During the loan period, a car bought on loan cannot be sold; it must be sold after the loan is fully repaid. If the loan is not fully repaid: 1. The right to use the vehicle belongs to the purchaser; 2. The vehicle's title deed is pledged to the bank; 3. The vehicle's ownership belongs to the bank until the loan is fully repaid. If the loan is fully repaid: 1. Both the ownership and the right to use the vehicle belong to the purchaser; 2. The vehicle can be used for secured loans. More details about auto loans are as follows: 1. An auto loan refers to a loan issued by a lender to a borrower applying to purchase a car. Auto consumer loans are a new type of secured loan in RMB provided by banks to car buyers who purchase vehicles from their authorized dealers. 2. The auto consumer loan interest rate refers to the ratio of the loan amount issued by the bank to the consumer (i.e., the borrower) for purchasing a personal-use car (non-commercial family cars or 7-seater (inclusive) and below business vehicles) to the principal. The higher the interest rate, the greater the repayment amount for the consumer. 3. The term of an auto consumer loan is generally 1-3 years, with a maximum of 5 years. Among them, the loan term for used car loans must not exceed 3 years, and the loan term for dealer auto loans must not exceed 1 year.

You can definitely sell a car that's still under a loan. I did this myself when I was younger—wanted to trade in my new car before finishing the payments. The key is that the buyer's payment must first go toward paying off the remaining loan. Otherwise, the bank or lender retains ownership, making the transaction invalid. For example, you'll need to contact your loan provider to obtain a payoff statement, and only then can the buyer register as the new owner. This process might involve delays, so I recommend starting preparations at least a month before selling. Assess the car's current market value—if you owe more than it's worth and might even need to pay extra, it's probably not worth it. Overall, it's doable but involves tedious paperwork. Hiring a car dealership broker can save you a lot of hassle, as they're familiar with the process and can help avoid future issues.
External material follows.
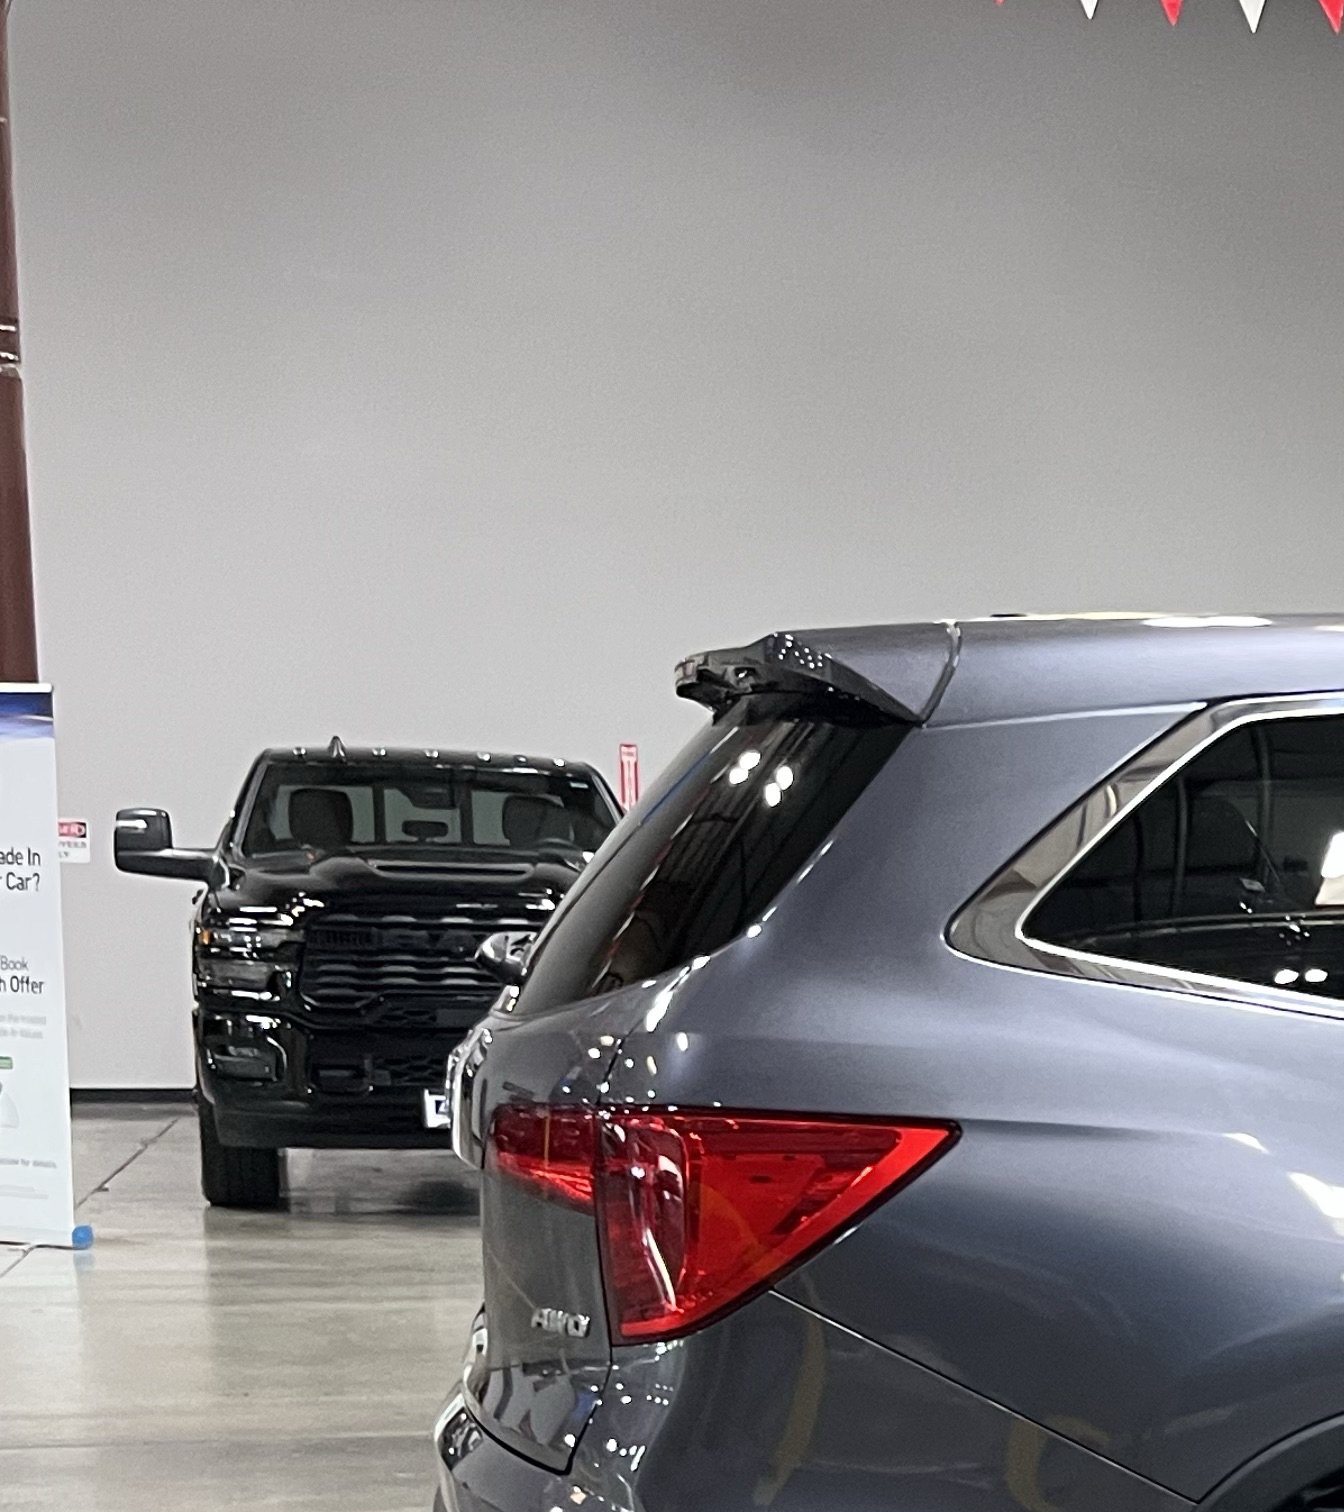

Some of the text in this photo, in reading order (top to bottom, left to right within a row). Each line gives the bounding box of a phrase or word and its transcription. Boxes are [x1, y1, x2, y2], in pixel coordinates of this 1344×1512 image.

Yes, selling a car during the loan period is possible and quite common from a professional perspective. You'll first need to calculate the remaining loan balance and the car's current market value. Buyers typically require this amount to be used directly to settle the debt. During the process, promptly contact your lender to obtain the payoff documents to avoid any issues with title transfer. Having observed similar transactions, I've noticed that if the vehicle condition is good but the loan balance is high, it might be challenging to attract buyers. I'd recommend negotiating partial prepayment or using a third-party escrow service for security. The entire process involves some additional costs and time, but with full transparency, the transaction can proceed smoothly.
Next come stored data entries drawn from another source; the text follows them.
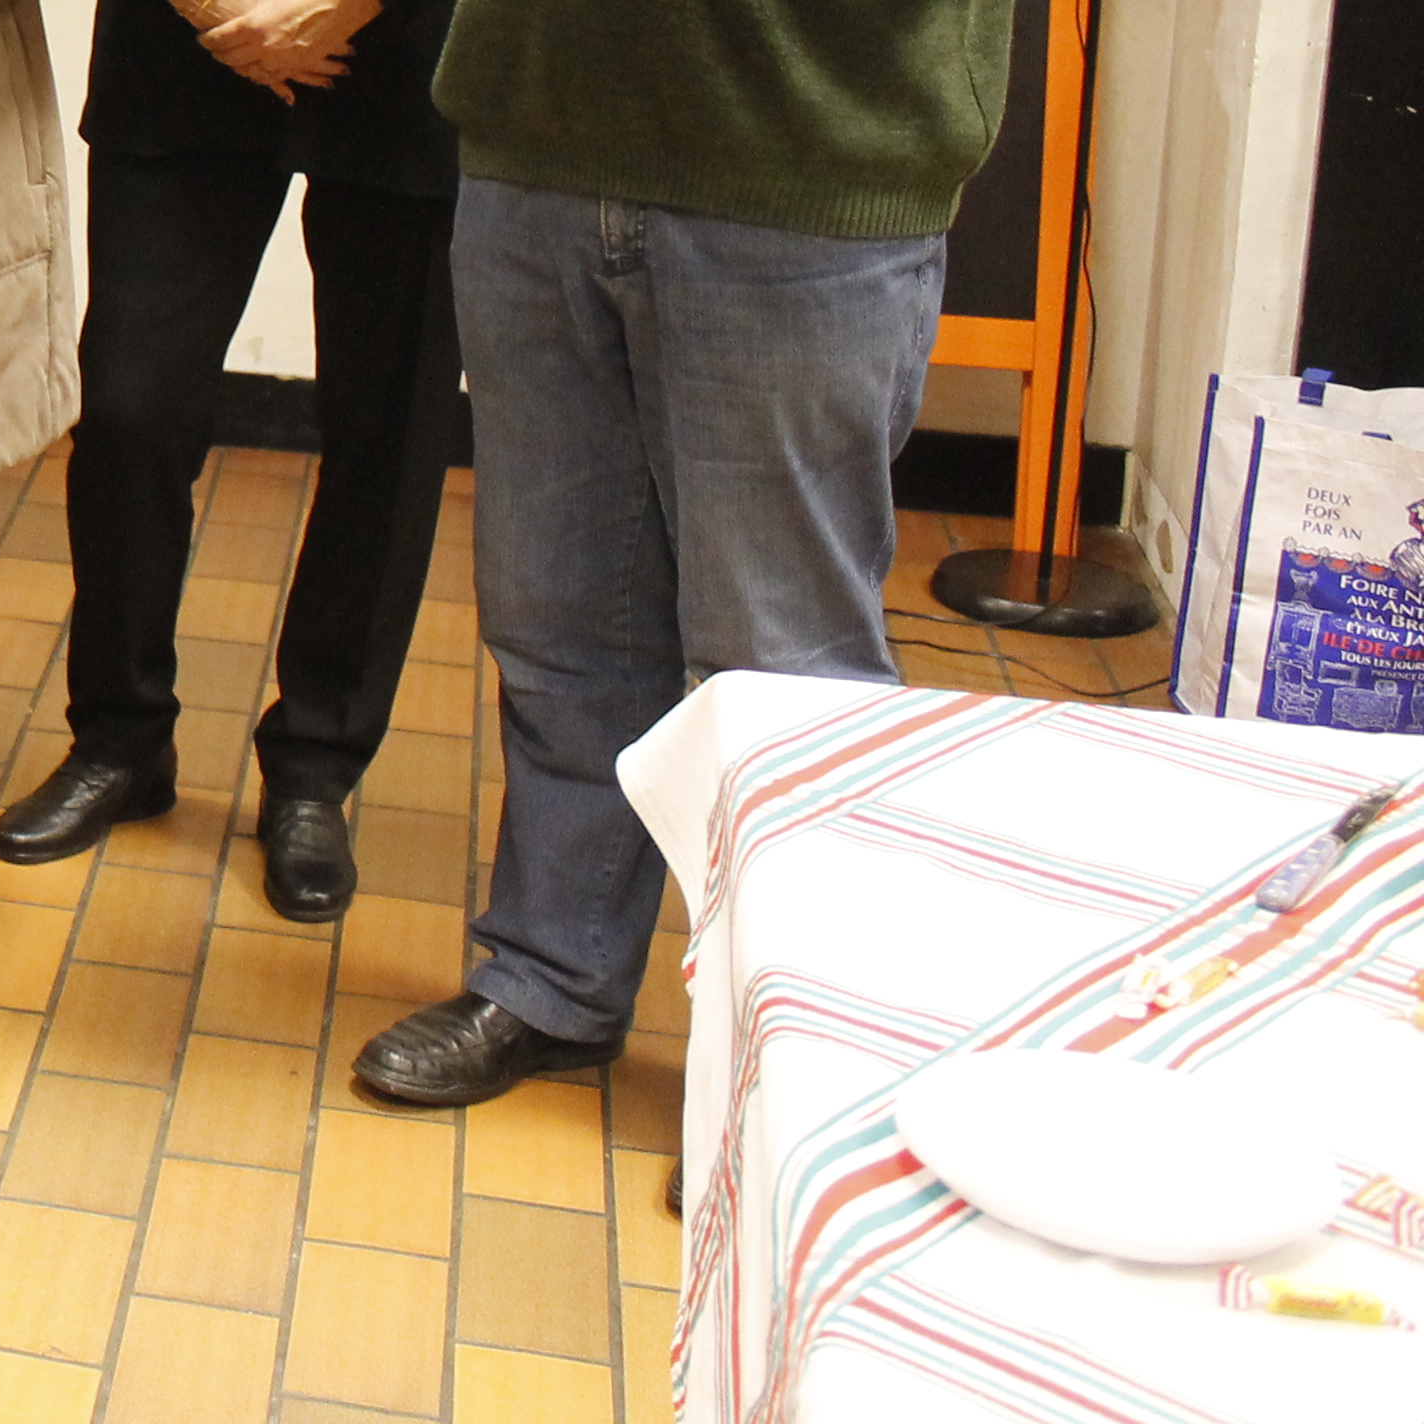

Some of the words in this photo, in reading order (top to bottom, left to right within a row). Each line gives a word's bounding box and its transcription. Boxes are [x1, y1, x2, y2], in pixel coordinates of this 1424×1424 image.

[1307, 487, 1352, 507] DEUX
[1304, 503, 1341, 521] FOIS
[1302, 520, 1333, 536] PAR
[1337, 526, 1363, 541] AN
[1340, 574, 1398, 600] FOIRE
[1346, 595, 1379, 610] AUX
[1366, 611, 1385, 625] LA
[1346, 621, 1367, 635] ET
[1366, 627, 1400, 643] AUX
[1357, 638, 1386, 657] DE
[1340, 650, 1372, 666] TOUS
[1373, 657, 1391, 668] LES
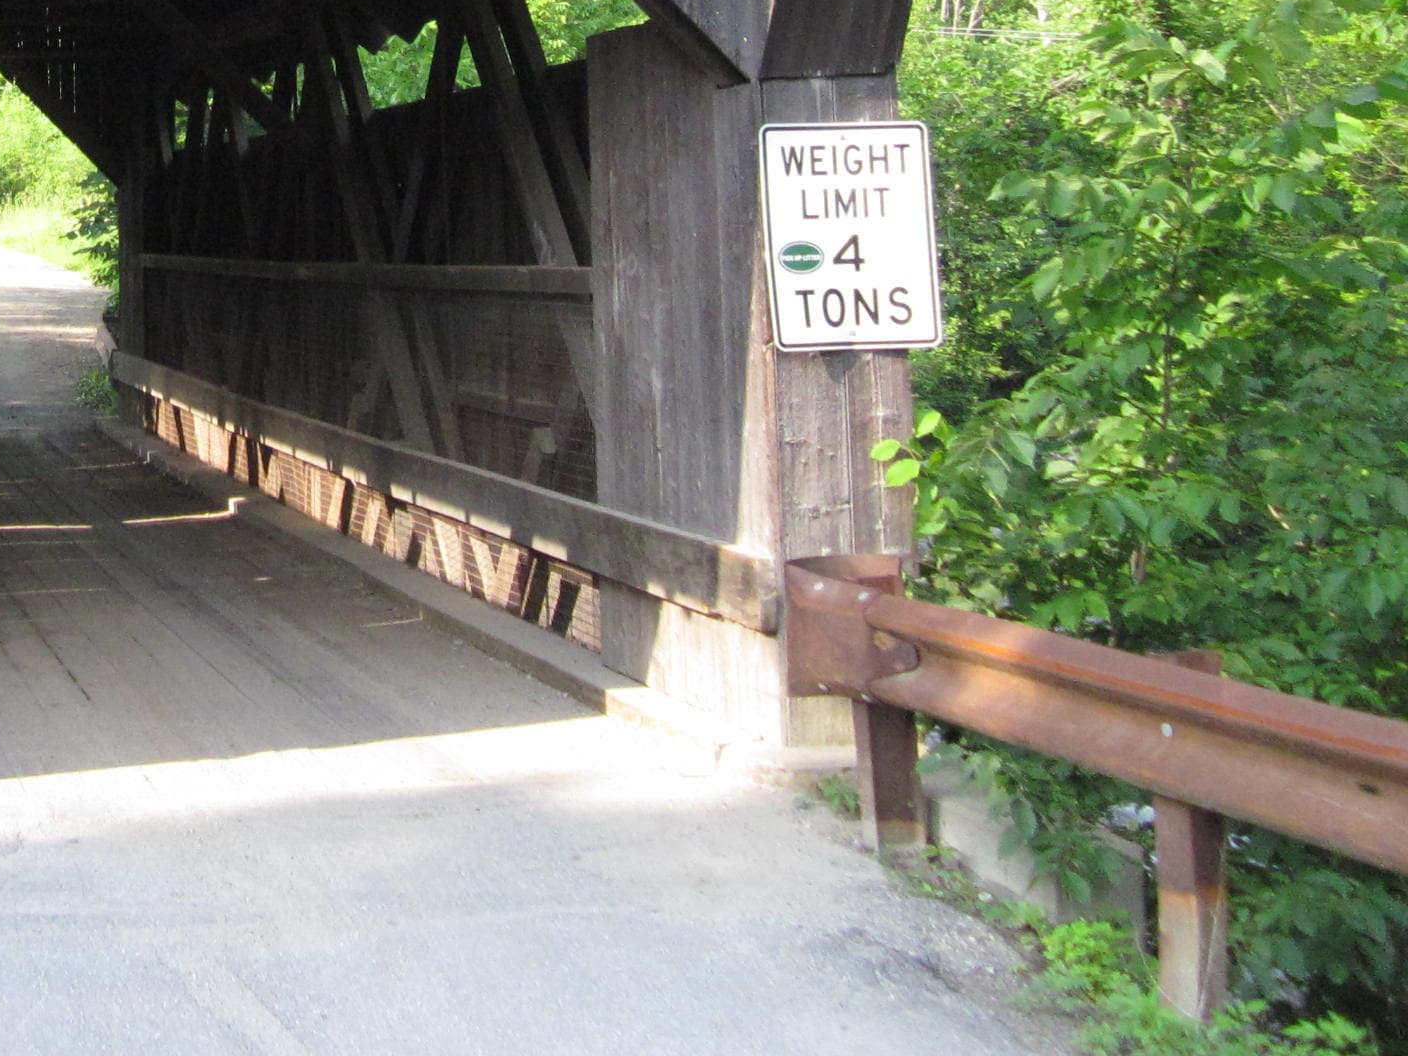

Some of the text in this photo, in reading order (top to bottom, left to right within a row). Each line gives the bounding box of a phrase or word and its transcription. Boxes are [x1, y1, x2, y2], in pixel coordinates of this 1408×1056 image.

[781, 144, 910, 176] WEIGHT
[801, 187, 890, 219] LIMIT
[832, 234, 865, 272] 4
[794, 287, 913, 328] TONS
I think selling the car should be possible. I hesitated myself when selling it during the loan period, but after checking relevant information, I realized the loan issue must be resolved properly. After the buyer pays, you need to use the money to repay the bank and clear the debt; otherwise, the new owner cannot legally own the car, which may lead to trouble. It's advisable to review the loan contract in advance to understand the terms of early repayment and potential penalties. Additionally, estimate the car's value before selling to avoid selling at a loss. This experience taught me to consider long-term finances when buying a car and not to blindly trust loan advertisements.
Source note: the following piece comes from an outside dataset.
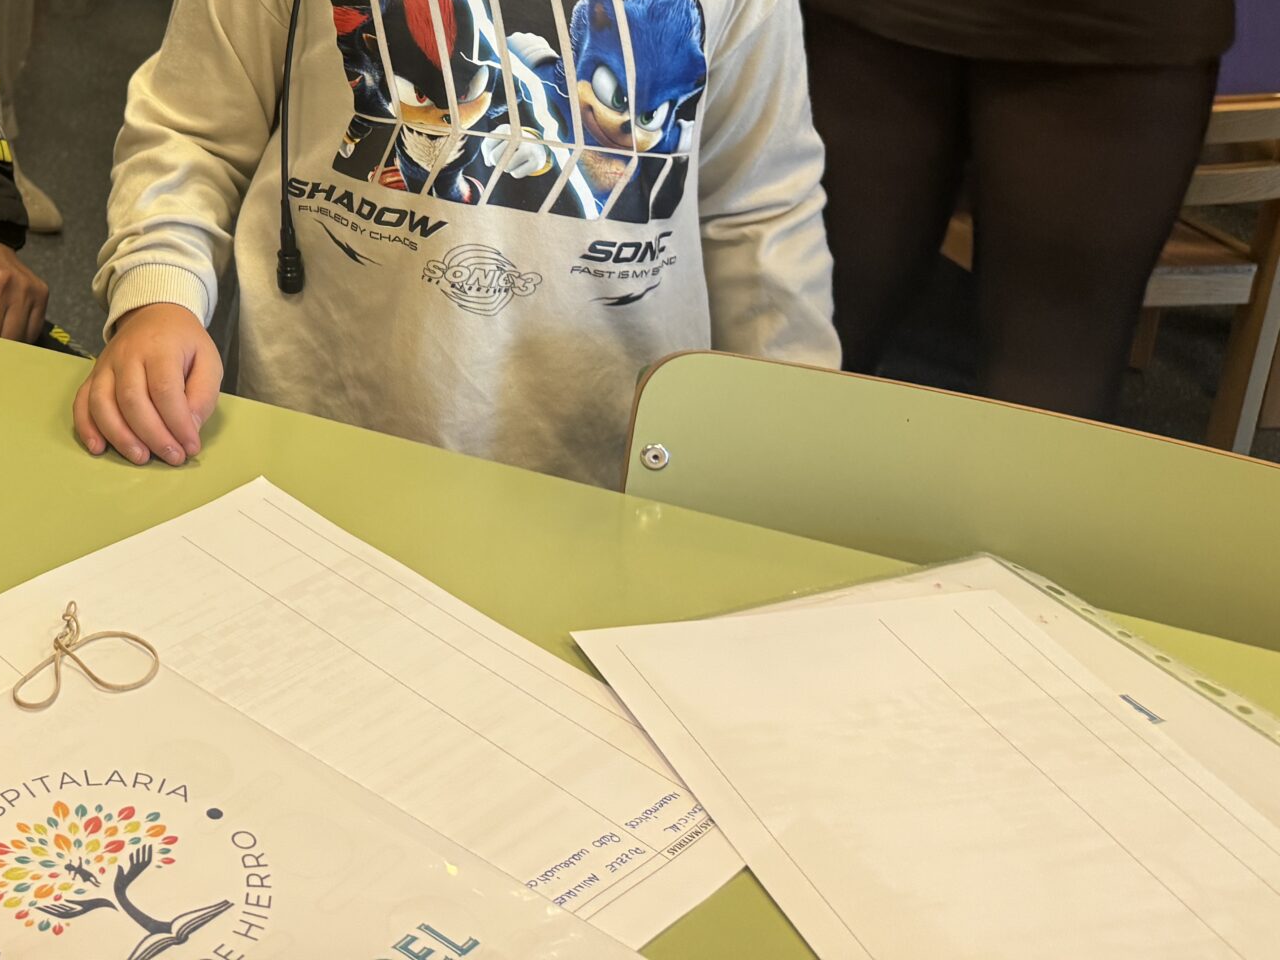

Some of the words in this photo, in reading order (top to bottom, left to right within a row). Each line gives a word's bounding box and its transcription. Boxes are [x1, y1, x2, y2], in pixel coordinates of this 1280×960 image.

From a financial perspective, selling a car during a loan period requires careful consideration. The key is to ensure the selling price covers the remaining debt; otherwise, you may face a loss. For example, first evaluate the car's current valuation minus the outstanding loan balance—if the result is negative, it means you'll have to pay the buyer to take the car. During the process, buyers often require proof of loan settlement before signing the contract, so plan your funding source or negotiate installment payments. I recommend consulting a professional to simplify the process while considering tax implications to avoid unexpected expenses, which is also crucial for long-term credit records.